The MSRP of the Nvidia 3070 is actually 499$. And it genuinely looks like a good deal considering the level of performance declared by Nvidia.
 

Boil

macrumors 68040
Oct 23, 2018
3,477
3,173
Stargate Command
The interesting thing is that this year's Apple Metal ships with a rather feature-complete raytracing support, including goodies like dynamic linking of shader functions, user-programmable intersection shaders and recursive shader execution. Right now it runs in "software" (GPU-accelerated of course), but it seems to suggest that hardware raytracing is coming.

Octane X for macOS

Which also runs REALLY fast on an iPhone 11, so make of that what you will... ;^p

I do not game but I use several Pro 3D software, some of this 3D software also have a mobile version(AutoCAD, FormZ, Rhino, ecc), I‘ve performed several test a few years ago(probably late 2015) using the first gen iPadPro and a maxed out MacPro 6.1, the results were better on the iPadPro, butter smooth scrolling in AutoCAD, and smooth spinning of 3D files in FormZ/Rhino. Of course when dealing with large files the iPadPro reach the limit much easier compared to a desktop but it’s mostly due to the small RAM/VRAM amount. I’m pretty confident that even an integrated GPU will do a more than decent job with 3D handling and after all ther’s no need to guess... we already seen that from the latest keynote, there was a Maya production scene running smoothly(and in emulation!) on the A12 equipped developer kit.

See above, Octane X is a ripper, and its performance on an A-series chip (iPhone 11) is incredible...

multi-gpu hasn’t been a popular solution to increasing graphics performance (as Apple found out with the trash can Mac Pro) for a while now.
And if you look at the number of shader processors it has doubled (2080 to 3080). Even the 3070 has more shader processors than the 2080.
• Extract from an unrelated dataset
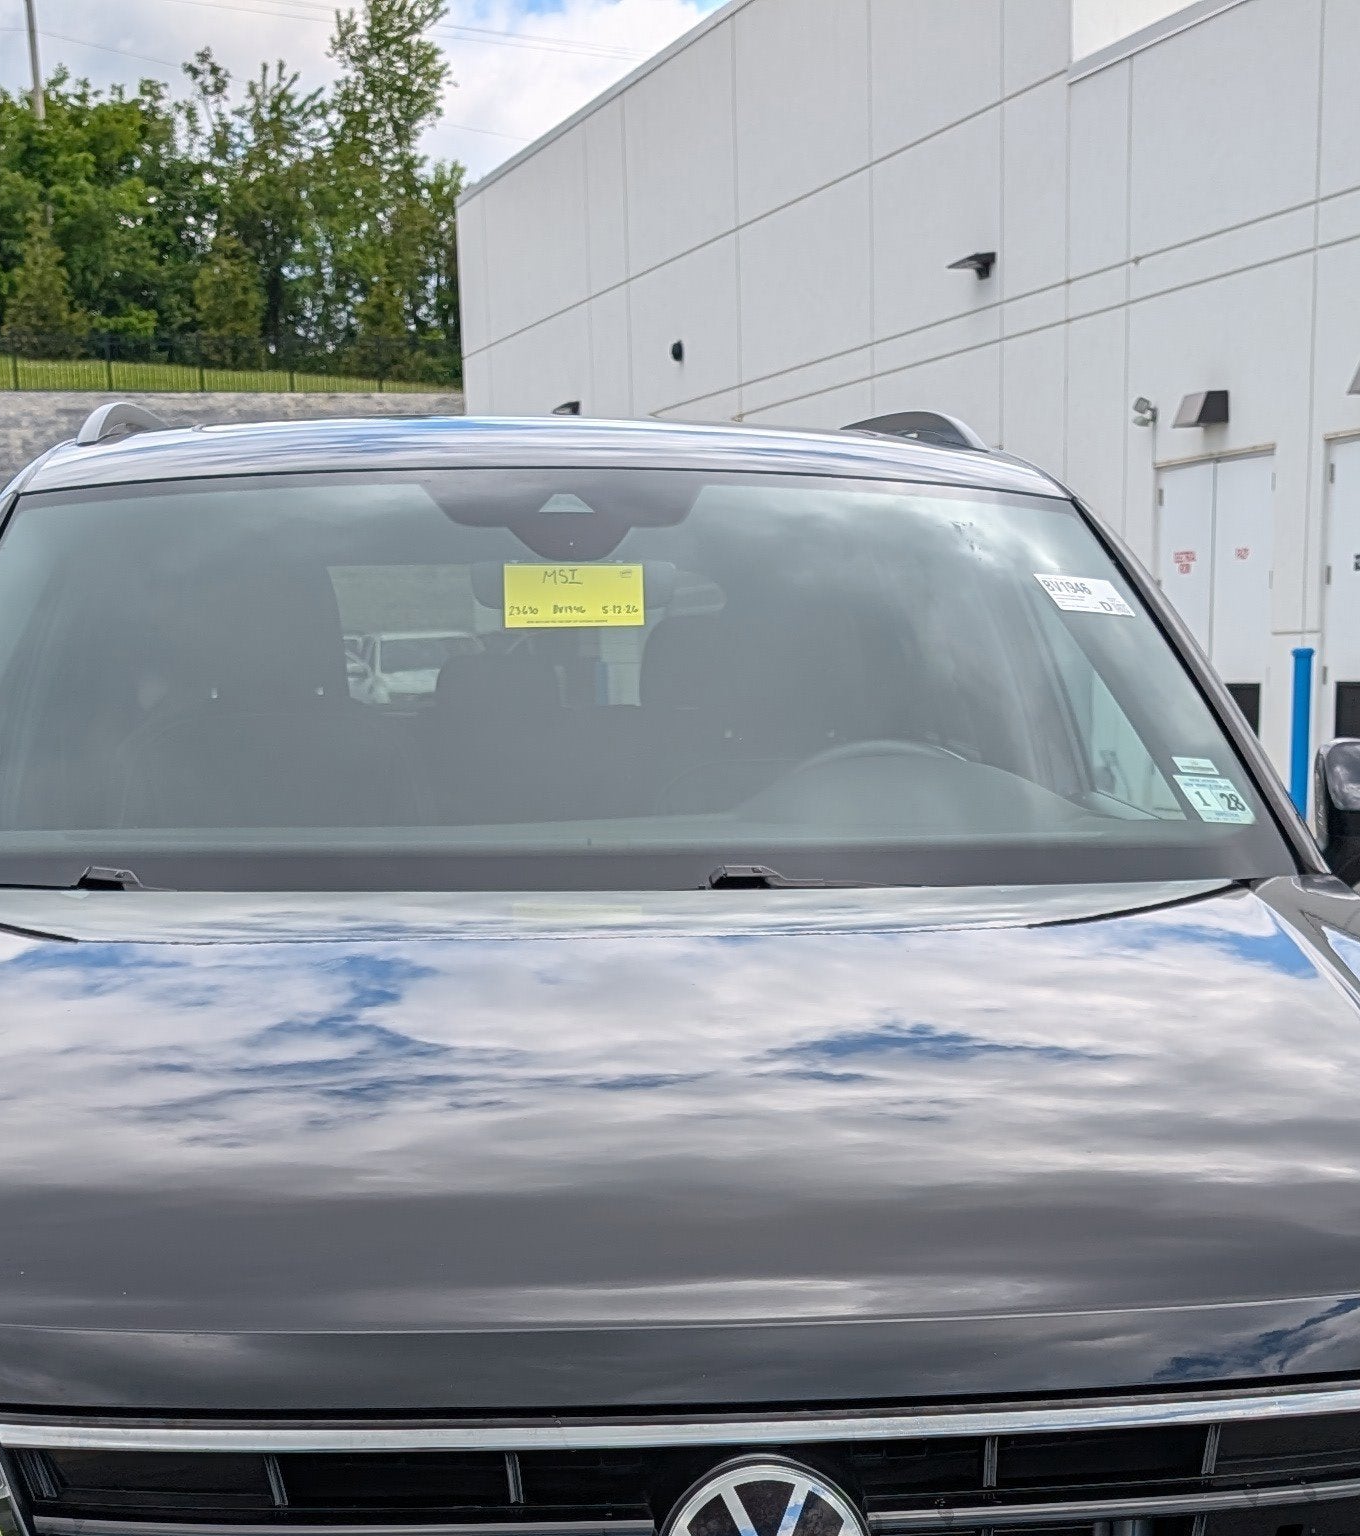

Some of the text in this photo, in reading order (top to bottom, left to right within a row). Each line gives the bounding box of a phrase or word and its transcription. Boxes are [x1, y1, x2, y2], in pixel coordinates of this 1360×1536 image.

The problem with the Trashcan was that the second GPU was set up as a GPGPU, compute-centric over raster, but software was not taking advantage of that yet...?

I guess the ability to run two dual chip GPUs in the Mac Pro means nothing...?
 
  • Like
Reactions: 2Stepfan

leman

macrumors Core
Oct 14, 2008
19,516
19,664
As multiple people mentioned here, Ampere effectively doubles the amount of CUDA cores. Some new information was released today, so now it’s clear how they do it. As usual, it’s mostly marketing.

You see, current Nvidia GPUs are ultimately organized around processing units (four such units make up a quad-code streaming multiprocessor and the GPU is then built from these quad-core units). In Turing, a single processing unit contains a 16-wide FP32 ALU and a 16-wide INT32 ALU. This allows it to process floating point and integer (e.g. address calculation) operations simultaneously. In Ampere, Nvidia simply “taught” the INT32 ALU to do FP32 math. So on paper a processing unit can now do either a FP32+INT32 or a FP32+FP32 operation. This indeed doubles the peak theoretical performance, but it’s very far from magical performance doubling Nvidia marketing suggests. A lot of games are FP32 heavy though, so this design definitely makes sense. I’d expect an improvement of 25-30% on average, more in games with very heavy shader math.

To sum it up, no, they didn’t double the amount of cores. The cores were there already. They just taught them some new tricks. Looking forward to real world benchmarks.

P.S. And now it turns out that 8K@60FPS gaming is actually ML-upscale 1440p gaming..
 

diamond.g

macrumors G4
Mar 20, 2007
11,435
2,658
OBX
As multiple people mentioned here, Ampere effectively doubles the amount of CUDA cores. Some new information was released today, so now it’s clear how they do it. As usual, it’s mostly marketing.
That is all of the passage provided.